=== Data to use ===

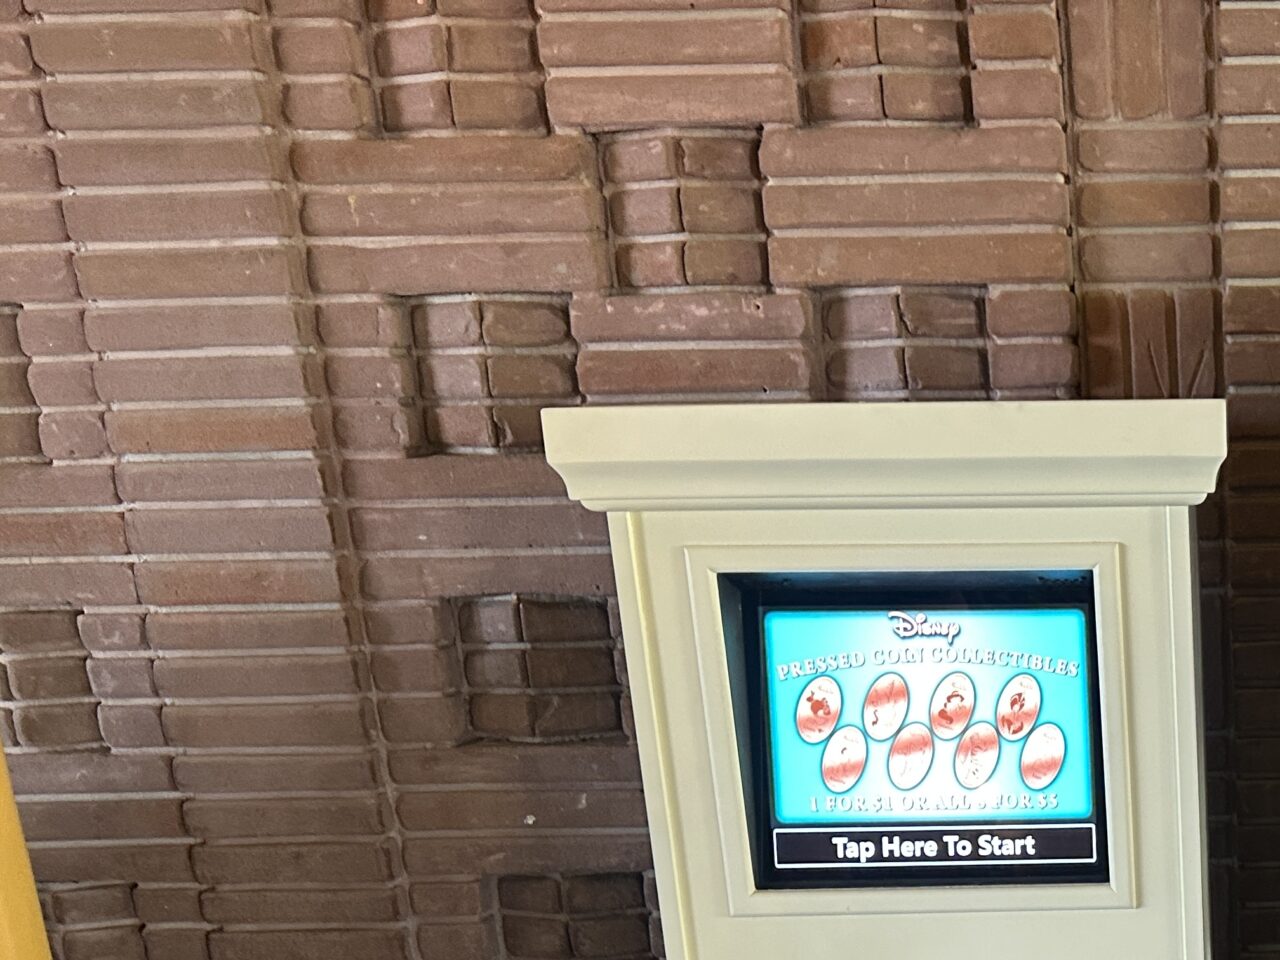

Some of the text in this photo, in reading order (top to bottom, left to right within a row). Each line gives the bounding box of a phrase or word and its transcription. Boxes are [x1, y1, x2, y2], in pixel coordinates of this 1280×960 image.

[887, 610, 961, 646] Disney
[776, 648, 1080, 681] PRESSED COIN COLLECTIBLES
[825, 796, 869, 812] FOR
[902, 795, 930, 812] OR
[831, 834, 1036, 863] Tap Here To Start

===

# Problem to work on:
Please copy the entries in full. Leave each image out.

# Solution to this exercise:
Some of the text in this photo, in reading order (top to bottom, left to right within a row). Each line gives the bounding box of a phrase or word and its transcription. Boxes are [x1, y1, x2, y2], in pixel coordinates of this 1280×960 image.

[887, 610, 961, 646] Disney
[776, 648, 1080, 681] PRESSED COIN COLLECTIBLES
[825, 796, 869, 812] FOR
[902, 795, 930, 812] OR
[831, 834, 1036, 863] Tap Here To Start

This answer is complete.